Low performance of transferring tensor to CUDA

Hello Team, i using Libtorch with CUDA support. I get lowest performance on transferring memory to CUDA operation. It cost about 2.60s.
tensor_image = tensor_image.to(torch::kCUDA);
How can i improve this operation, check it or profile?
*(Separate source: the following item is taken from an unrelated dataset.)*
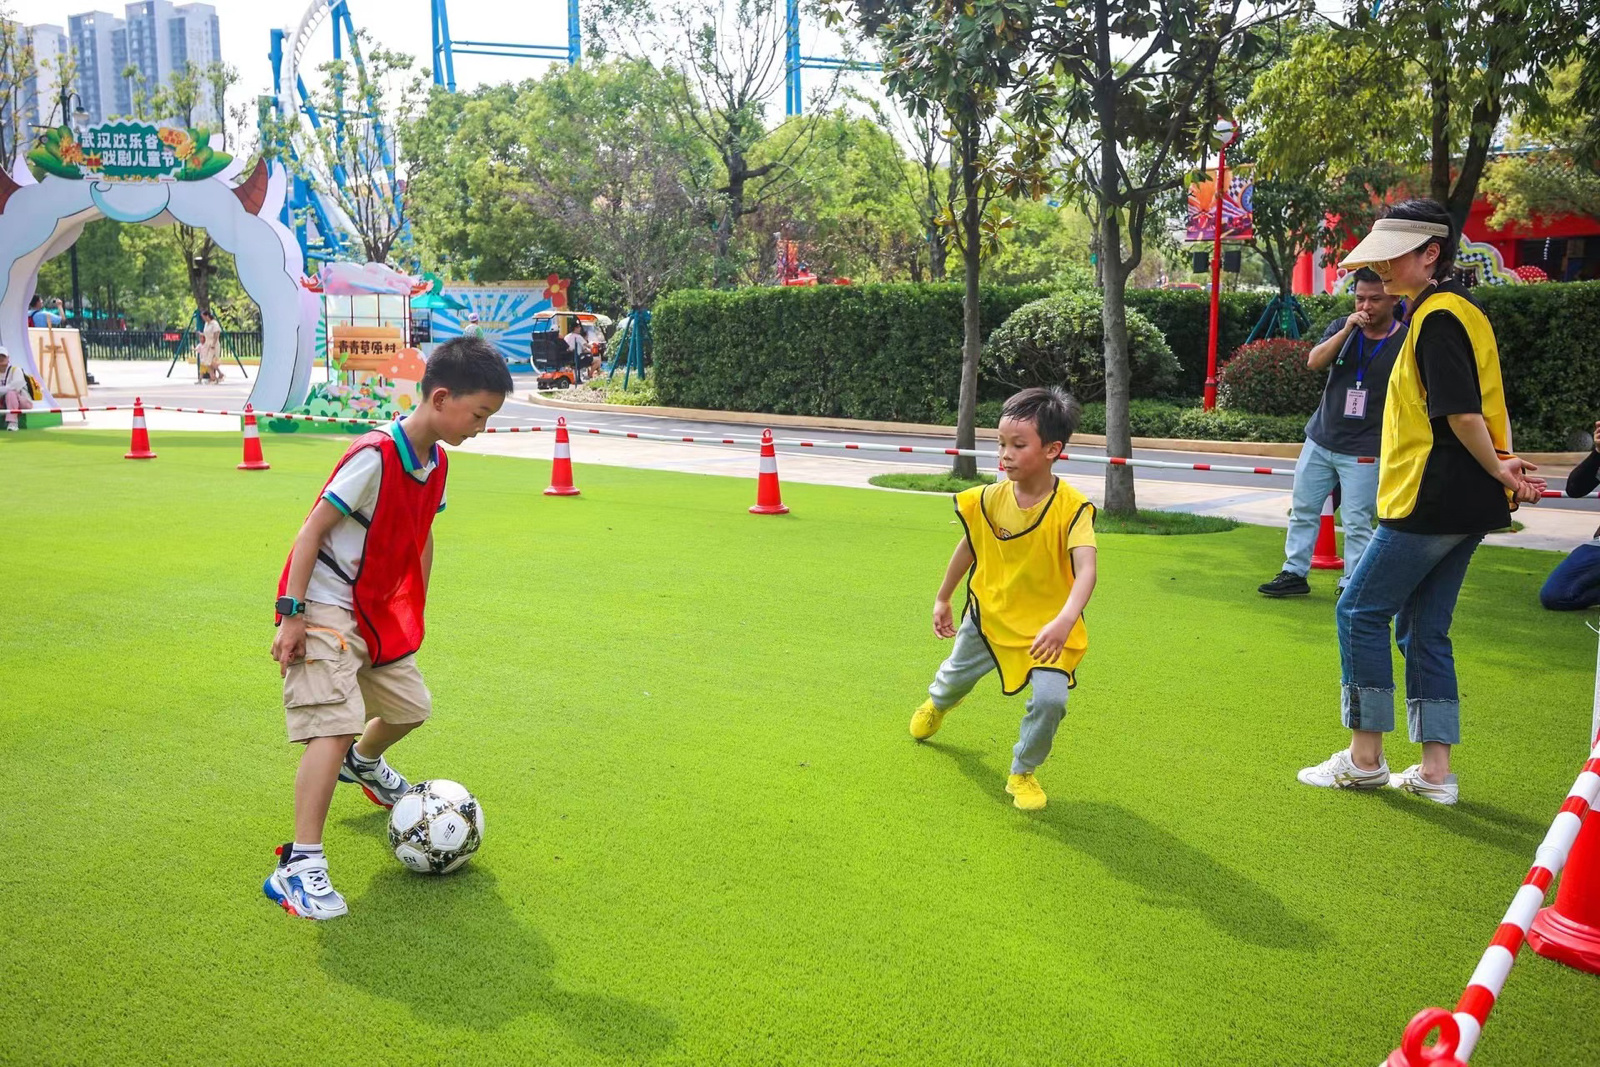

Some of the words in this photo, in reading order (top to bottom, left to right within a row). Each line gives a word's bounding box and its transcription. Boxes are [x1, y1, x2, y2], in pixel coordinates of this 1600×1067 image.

[81, 132, 158, 149] 武汉欢乐谷
[102, 149, 174, 167] 戏剧儿童节
[338, 340, 396, 355] 青青草原村
[448, 822, 456, 834] 5
  clock_t tROIset = clock();
  cv::Rect myROI(30, 10, 400, 400);
  printf("ROI set.\n Time taken: %.2fs\n", (double)(clock() - tROIset)/CLOCKS_PER_SEC);

  clock_t tLoadOpenCV = clock();
  cv::Mat img = cv::imread("test_data/image.png");     // 600x900  
  printf("loader of Tensor.\n Time taken: %.2fs\n", (double)(clock() - tLoadOpenCV)/CLOCKS_PER_SEC);
  
  clock_t tTester = clock();
  tensor_image = tensor_image.to(torch::kCUDA);
  printf("CPU-GPU transfer.\n Time taken: %.2fs\n", (double)(clock() - tTester)/CLOCKS_PER_SEC);

Result of execution:

ROI set in Tensor . Time taken: 0.00s
loader of Tensor. Time taken: 0.01s
CPU-GPU Tensor transfer. Time taken: 2.60s

изображение
PyTorch version: 1.10.0
nvcc: NVIDIA (R) Cuda compiler driver
Copyright (c) 2005-2019 NVIDIA Corporation
Built on Wed_Oct_23_19:24:38_PDT_2019
Cuda compilation tools, release 10.2, V10.2.89

How can i use non blocking memory transfering here ?
non_blocking=True, or something like this…
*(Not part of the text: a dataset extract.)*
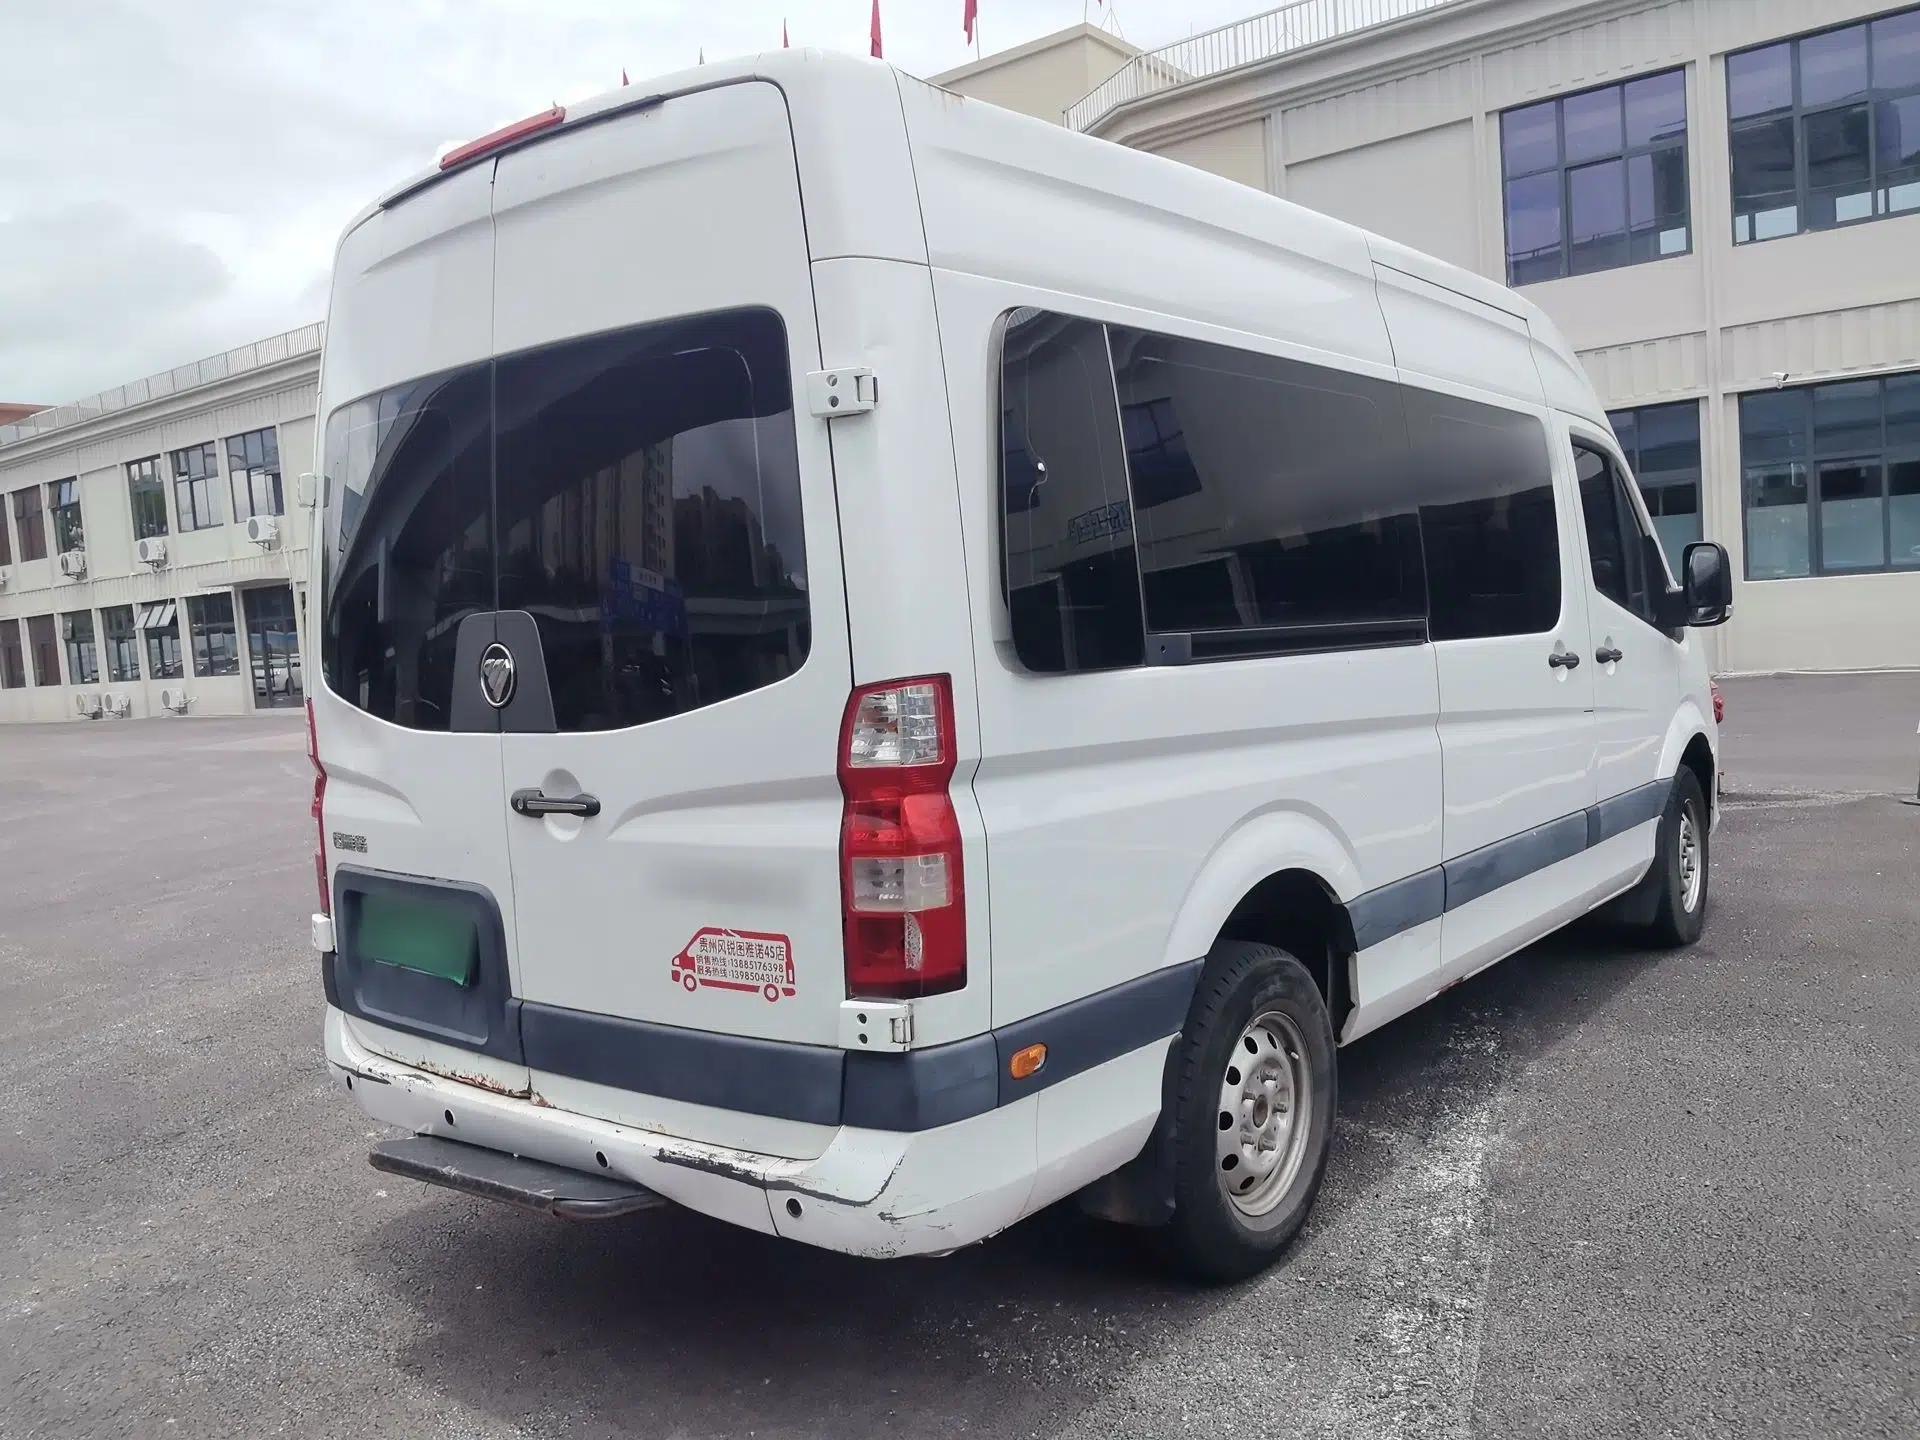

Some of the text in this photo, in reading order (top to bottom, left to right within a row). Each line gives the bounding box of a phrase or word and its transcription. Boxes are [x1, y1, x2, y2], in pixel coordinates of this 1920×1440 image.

[699, 937, 784, 961] 贵州风锐图雅诺4S店
CUDA operations are executed asynchronously, so you would need to synchronize the code before starting and stopping the timers. Based on your code snippet you might profile the CUDA context initialization etc. which would increase the measured time.

Yes, non_blocking=True would allow the transfer to be executed in the background. Profiling it could still show the same time as the advantage would be a potential overlap with other workloads.

How can i set this parametrs ( non_blocking=True) in C/C++ code?
Are there examples?

The to() operations as well as e.g.copy_ accept the non_blocking argument and an example was posted in your other question.

Thanks Patrick, for the example, it seems things have moved)